Runyon said, “Firebug?”
“Three fires of suspicious origin in and around Gray’s Landing this summer,” Rinniak told him. “Junior high school, old Odd Fellows lodge building, abandoned barn. No fatalities or injuries, fortunately-all empty the nights they were torched. We’ve ruled out arson for gain in each case. And three’s too many in too short a time to be coincidence.”
“Firebugs don’t usually change their M.O. and start hanging people.”
“They do if they’re crazy enough,” Kelso said. “It’s none of your concern anyhow, Runyon.”
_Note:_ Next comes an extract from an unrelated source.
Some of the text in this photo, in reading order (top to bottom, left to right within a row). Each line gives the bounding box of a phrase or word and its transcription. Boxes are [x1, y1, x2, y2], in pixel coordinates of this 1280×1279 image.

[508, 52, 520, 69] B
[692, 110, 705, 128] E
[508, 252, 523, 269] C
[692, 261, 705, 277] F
The throbbing ache in Runyon’s head said differently. But there was no gain in arguing with a man like Kelso; it would only make him more belligerent. He said to Rinniak, “If it’s all right with you, I’d like my license and my weapon back as soon as possible.”
“No problem. You can pick them up at the Gray’s Landing substation.”
“How about my car?”
“Still at the Belsize farm. When did the doctor say you could be released?”
“As soon as I talked to you.”
“Well, if it doesn’t take too long, I’ll wait and give you a ride down. You feel up to driving to your motel?”
“I can manage.”
“Better plan to spend the weekend. Rest up, keep available in case we need to talk to you again.”
“I was planning on it anyway. I still haven’t done the job I came here to do.”
Kelso laughed, a surprisingly effeminate sound from such a cowboy. “Deliver a subpoena to Jerry Belsize? I wouldn’t worry about that if I were you.”
“No?”
“No. Belsize won’t be testifying at any trial in San Francisco. He’ll be in jail awaiting trial himself once we find him. He’s the psycho who set those fires and strung up Manny Silvera.”
7
JAKE RUNYON
Jerry Belsize had been missing for more than twenty-four hours. Last seen at around 9:00 A.M. yesterday, in the company of the murdered hired man, Manuel Silvera. He’d left the farm shortly afterward, supposedly for his job at a feed mill in Orford, but he hadn’t shown up there or called in with an excuse. His parents had no idea why he’d skipped work or where he’d gone. He was supposed to have been back at the farm in time for supper; that was why the Belsizes had panicked when they got the anonymous phone call. Sandra Parnell claimed she hadn’t heard from him and had no idea where he might be. According to the victim’s wife, Silvera told her by phone that he’d be home late because he had “extra work and something else to do” at the Belsize farm. He hadn’t said what the something else was.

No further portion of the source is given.